En los primeros kilómetros lo pasé mal. Me descolgué del pelotón y tuve que ponerme a rueda del coche del equipo para aguantar. Un juez árbitro en moto vino para pegarnos la bronca cuando llevaba ahí media docena de kilómetros. El mecánico se puso a gritarles. José Luis, fiel a su filosofía, le pidió calma. Y, al mismo tiempo, le dijo al árbitro que se acercase al coche. Con un buen manejo del francés le soltó un discurso sobre los valores del ciclismo y el ejemplo que los deportistas representan para la sociedad. No entendí ni la mitad de lo que José Luis había dicho. Tampoco creo que el juez árbitro lo entendiera, la verdad. Pero nos dejó seguir corriendo a rebufo del coche. Y eso hizo que me recuperase lo suficiente para volver a la cola del pelotón.

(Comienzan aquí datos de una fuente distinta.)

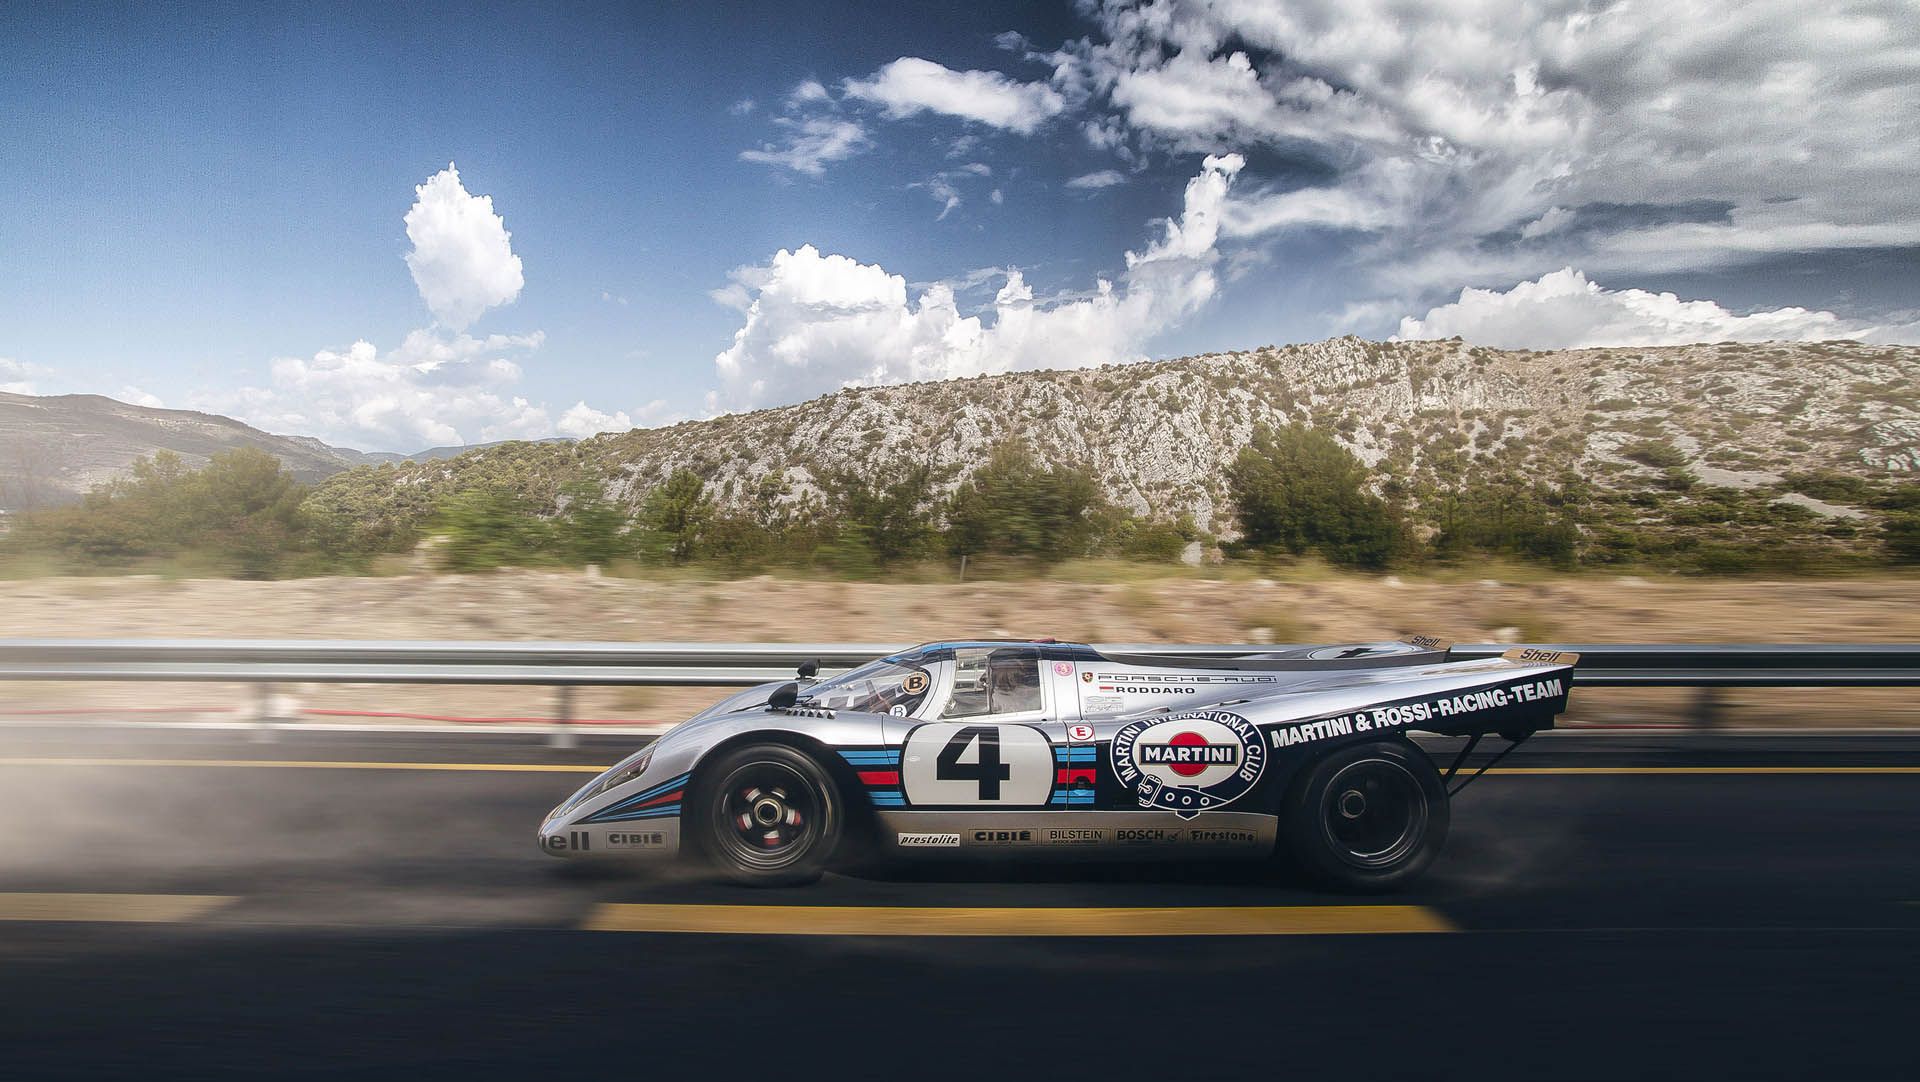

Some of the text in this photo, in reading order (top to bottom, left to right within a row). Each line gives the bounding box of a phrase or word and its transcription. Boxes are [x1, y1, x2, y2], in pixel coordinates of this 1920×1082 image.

[1411, 635, 1440, 647] Shell
[1520, 648, 1561, 662] Shell
[909, 676, 922, 689] B
[1098, 675, 1277, 683] PORSCHE-AUDI
[1271, 679, 1564, 748] MARTINI & ROSSI-RACING-TEAM
[1076, 727, 1086, 736] E
[1115, 711, 1262, 782] MARTINI INTERNATIONAL CLUB
[1145, 747, 1232, 762] MARTINI
[936, 726, 1010, 800] 4
[901, 835, 958, 845] prestolite
[1050, 830, 1102, 839] BILSTEIN
[1117, 830, 1163, 840] BOSCH
[1191, 831, 1254, 841] Firestone

Con la llegada de los puertos más serios, se formó una grupeta con los esprínteres. Fue en ese momento cuando entendí que iba a acabar la etapa. Llevaban un ritmo alto para mi nivel físico de ese día, pero no era algo que me desbordase. Apreté los dientes y dejé pasar los kilómetros. En la disputa por la etapa, Caisse d’Epargne trabajó muy bien, pero Saunier Duval se llevó la victoria con Riccardo Riccò, un joven escalador italiano que había brillado a gran nivel en el Giro de Italia y al que todo el mundo comparaba con Marco Pantani. Era el ciclista al que más odiaba, un tipo que afirmaba con su boca bien grande que había preparado el Tour en la playa y que no necesitaba más para llegar a tope. En el fondo, todo en él me parecía una parodia de un niñato ególatra. Por no decir que tanto Enrique como yo pensábamos que no jugaba limpio. Pero en el ciclismo de esos años era injusto señalar a uno. Solo los controles nos podían decir quién iba limpio y quién no. Y en muchas ocasiones ni siquiera los controles.

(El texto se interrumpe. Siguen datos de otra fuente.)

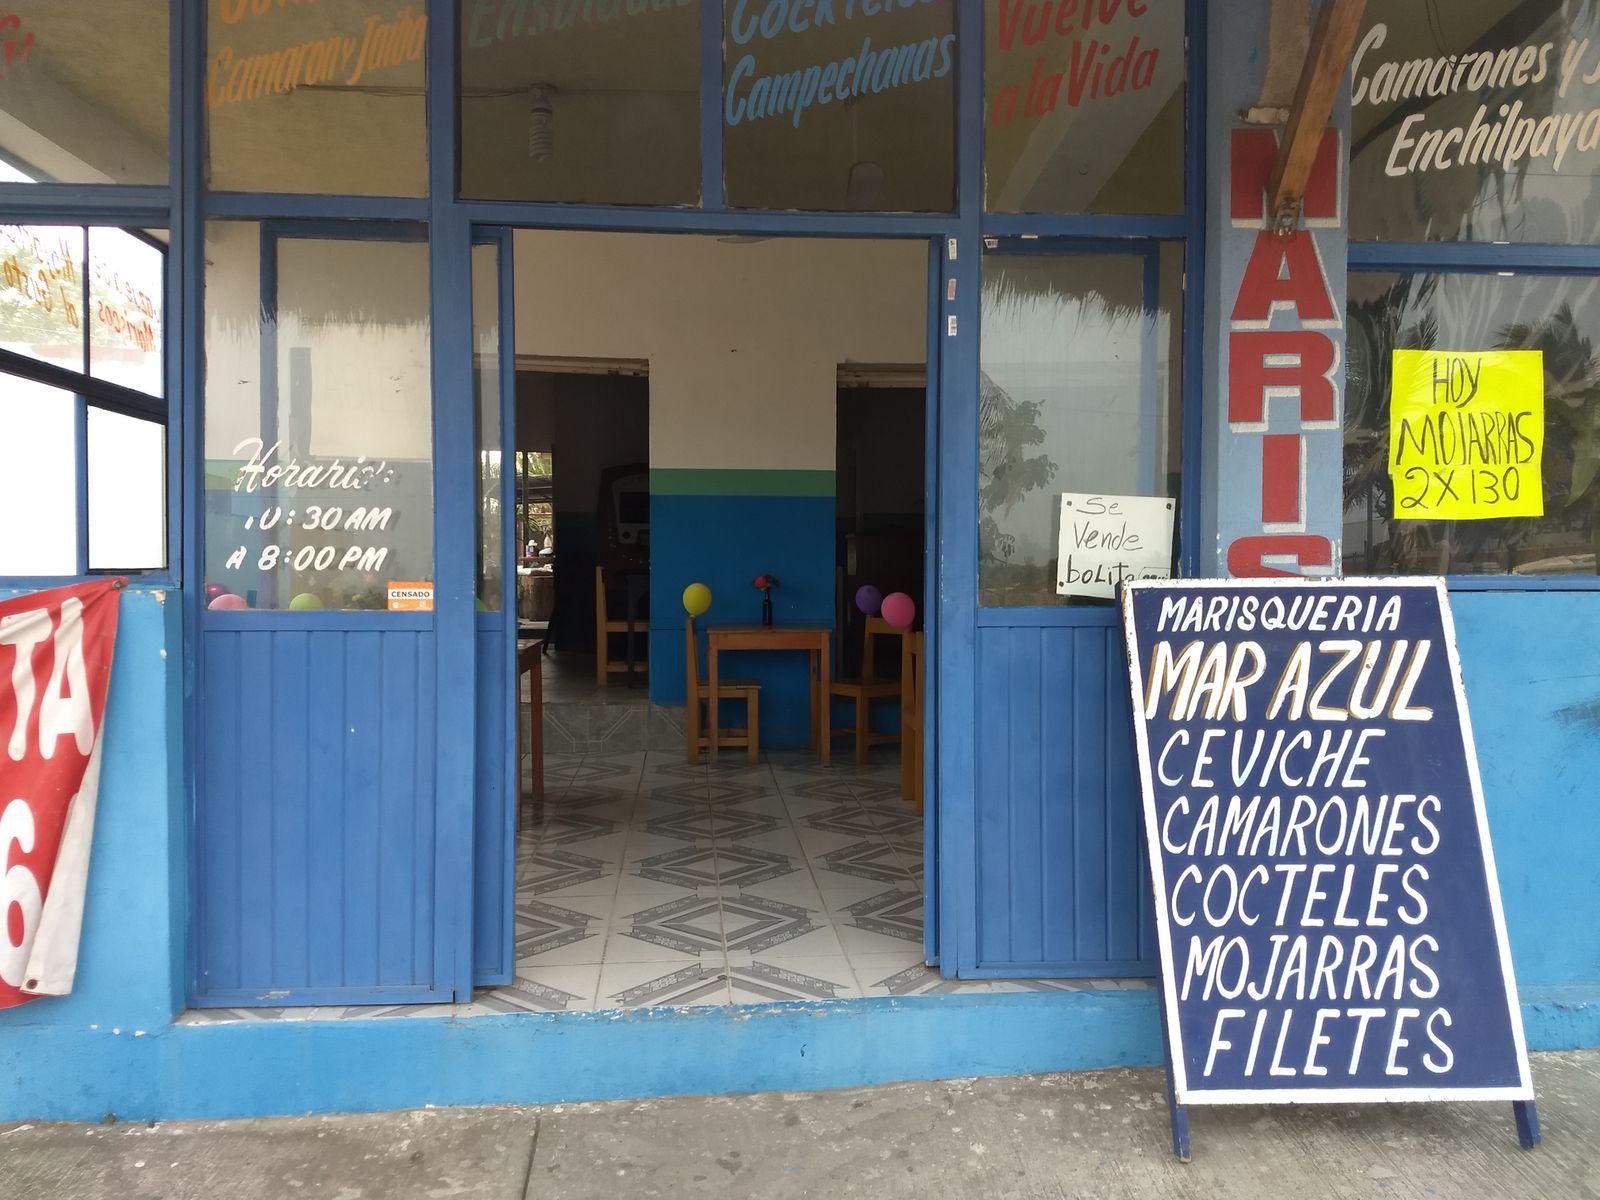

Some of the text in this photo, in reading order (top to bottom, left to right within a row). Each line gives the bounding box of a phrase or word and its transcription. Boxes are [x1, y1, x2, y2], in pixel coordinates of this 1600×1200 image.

[725, 34, 956, 129] Campechanas
[991, 36, 1160, 128] a la Vida
[1351, 22, 1590, 106] Camarones y
[1432, 357, 1482, 409] HOY
[1395, 411, 1535, 465] MOJARRAS
[344, 506, 392, 531] AM
[1073, 521, 1144, 551] Vende
[1076, 497, 1123, 515] Se
[225, 545, 389, 572] A 8:00 PM
[1157, 595, 1402, 633] MARISQUERIA
[1145, 640, 1434, 722] MAR AZUL
[1157, 729, 1387, 788] CEVICHE
[1162, 794, 1442, 857] CAMARONES
[1171, 864, 1431, 927] COCTELES
[1181, 934, 1440, 1001] MOJARRAS
[1203, 1007, 1455, 1077] FILETES

De todos modos, esa no era mi guerra. Mi única batalla consistía en llegar a la meta. Por eso, cuando afrontábamos la subida a Super Besse y vi que algunos velocistas se descolgaban de la grupeta, respiré con alivio. Lo peor había pasado, pensé durante un segundo. El día ya lo podía dar por salvado. Por un segundo me sentí eufórico. Pero lo peor llegó justo a continuación, cuando me puse a analizar mi futuro: tenía por delante otros 15 esfuerzos agónicos con el único reto de acabar la etapa. Con ese nivel de contusiones y fatiga, nada más estaba a mi alcance. El panorama resultaba deprimente.